Tuesday, December 9, 2008

Pasta Gluttony would be a good name for a restaurant, don't you think?

Yes, I know that it is ridiculous that the week after I swore not to neglect you anymore, my Monday review is a day late. I suck and I apologize.
Sooo, last week. Last week = not good. Last week, we went on an impromptu date and I blew a gabillion calories on some seriously, incredibly, almost laughingly sub-par pasta. I did not realize that tortellini could taste bad. Never, since the Great Tortellini Awakening of 2000, have I tasted such bad tortellini. And yet, I gobbled it all up, Alfredo sauce that tasted like it was from a jar and all. How gross does food have to be before I stop eating it? Anyone?

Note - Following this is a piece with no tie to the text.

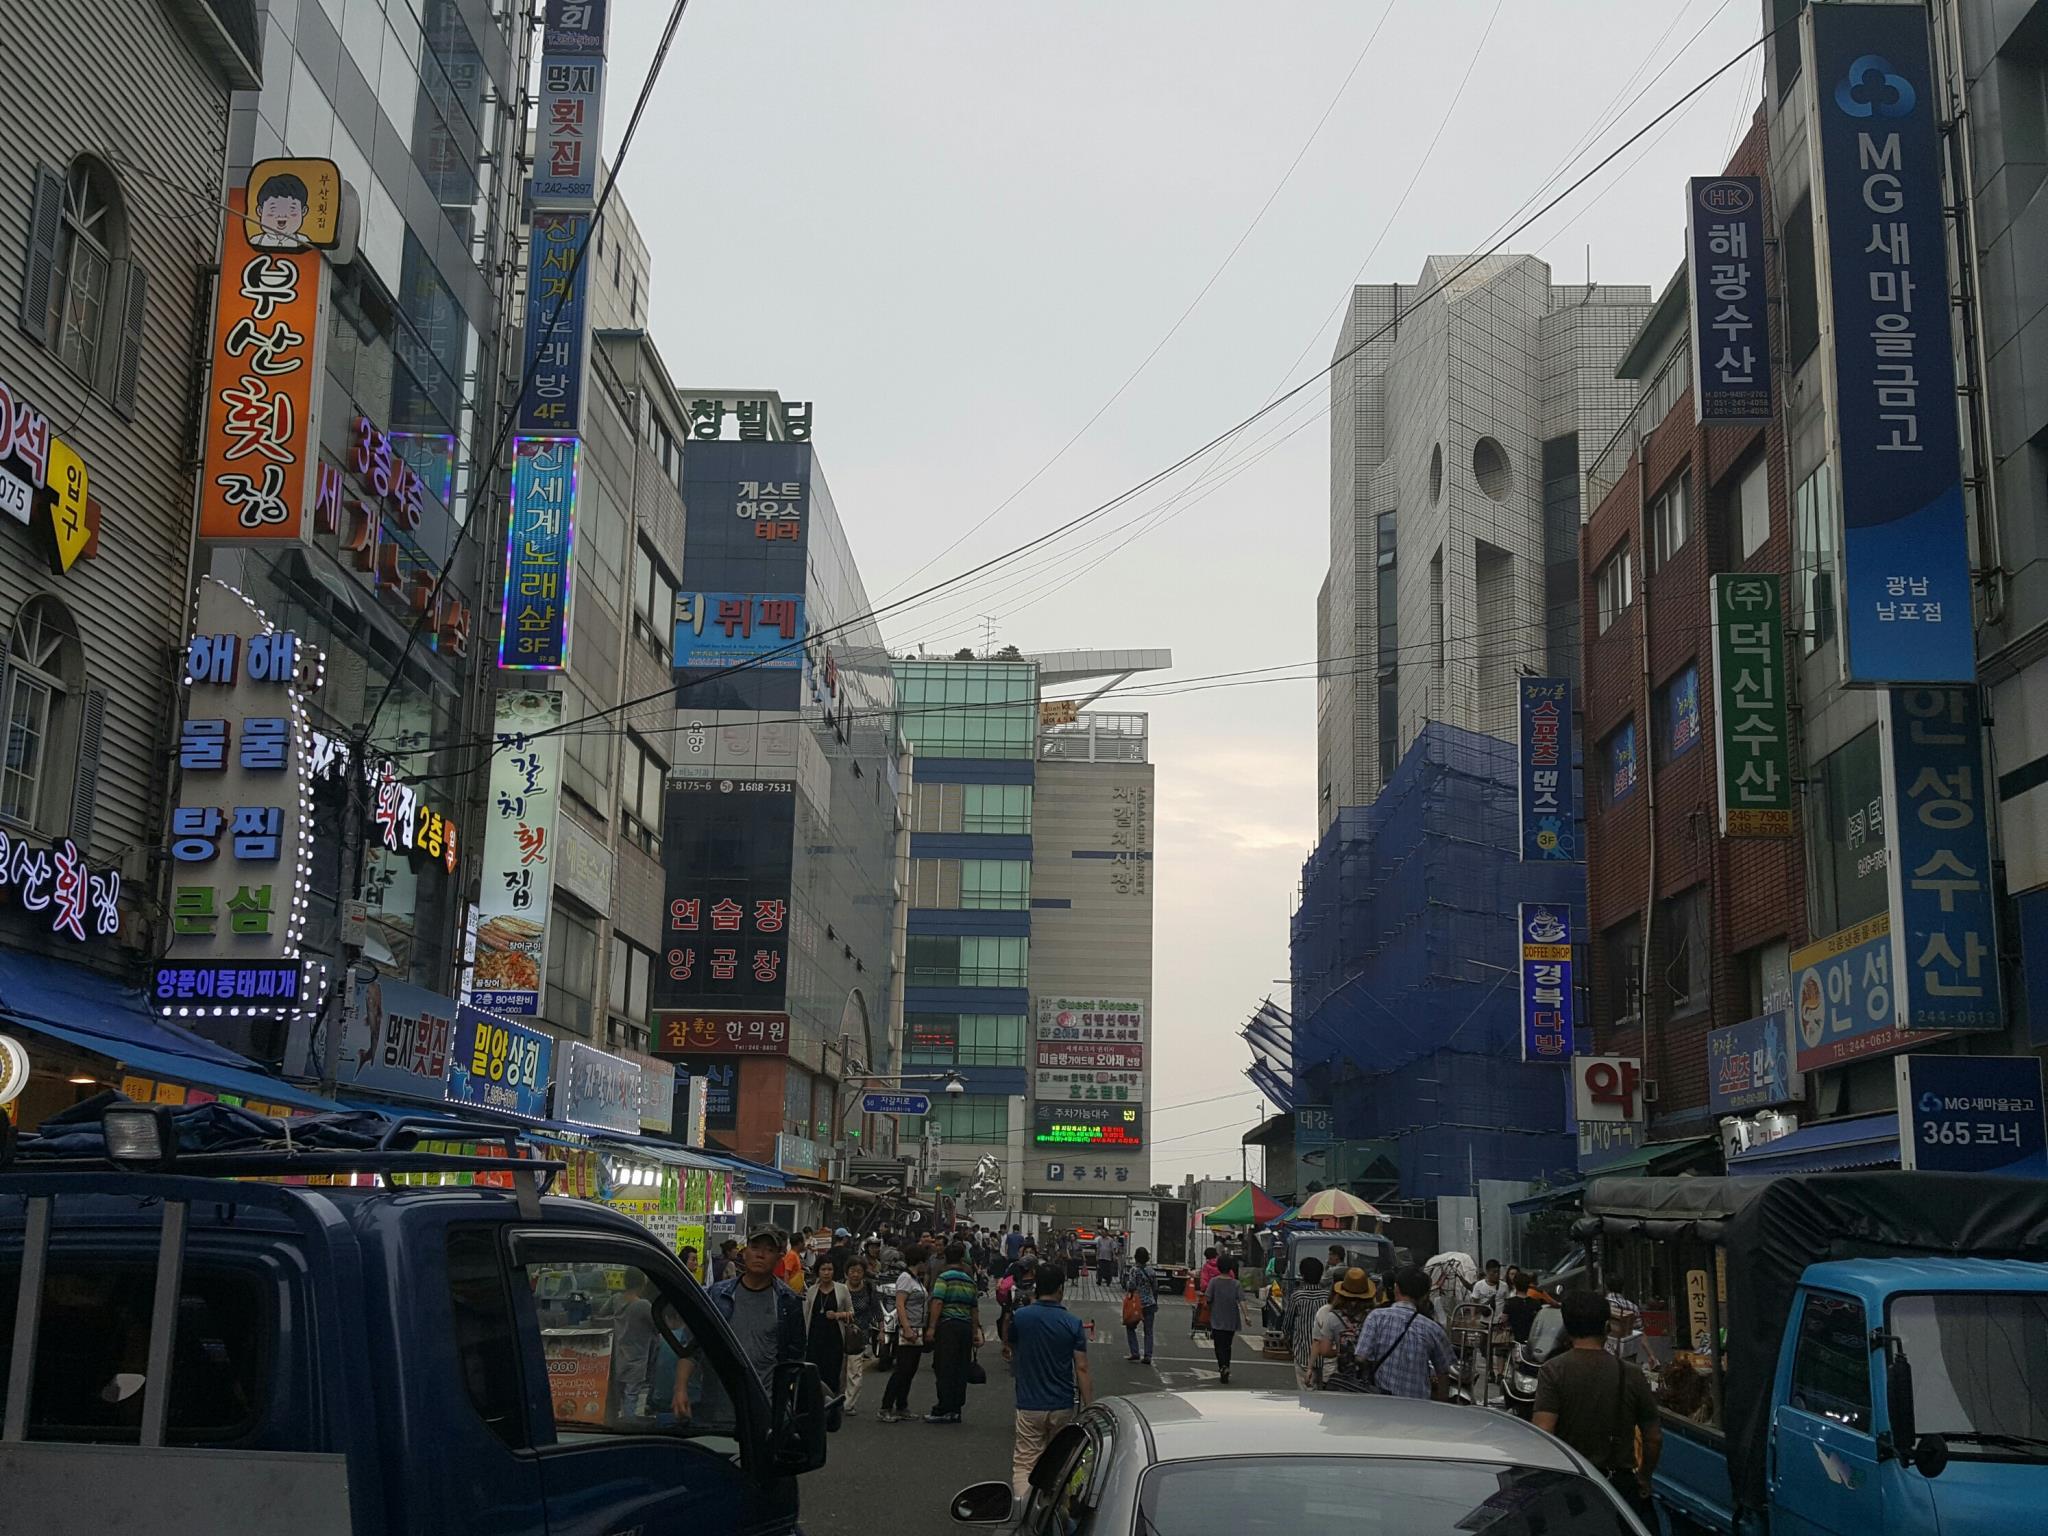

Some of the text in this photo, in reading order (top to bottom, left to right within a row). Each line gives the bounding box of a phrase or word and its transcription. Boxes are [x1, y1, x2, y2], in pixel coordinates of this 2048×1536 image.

In other news of Last Week, a week that will live in infamy, I realized that, even though my doctor told me it was really important to come back in six months to re-check my cholesterol levels and see if I need some sort of medication to keep me, you know, alive, it's been almost a year since I totally listened to him say that and took every word to heart. Good thing you don't really need a heart to live, right? Geez.
The only good thing I managed to do Last Week was work in a walk after the Pasta Gluttony and before the movie portion of the date (my husband and I are very adventurous on the dates: dinner, movie. We like to think outside the box.). The bad news is that it's surprisingly hard to hustle and get a good brisk walk going when you a) are full of sub-par pasta, and b) have a desperate need to mock the emo teenagers who think they are hard core hanging out in down town Boise of all places. It's hard to mock and gasp for breath at the same time. Someone should look into that. Snarky people need to work out, too.
So that was my week. How was your' s? Do you waste calories on anything edible, or do you insist on some level of tastiness? Do you know of some revolutionary exercise technique that would allow me to snark and work out at the same time? Have you thought of patenting it?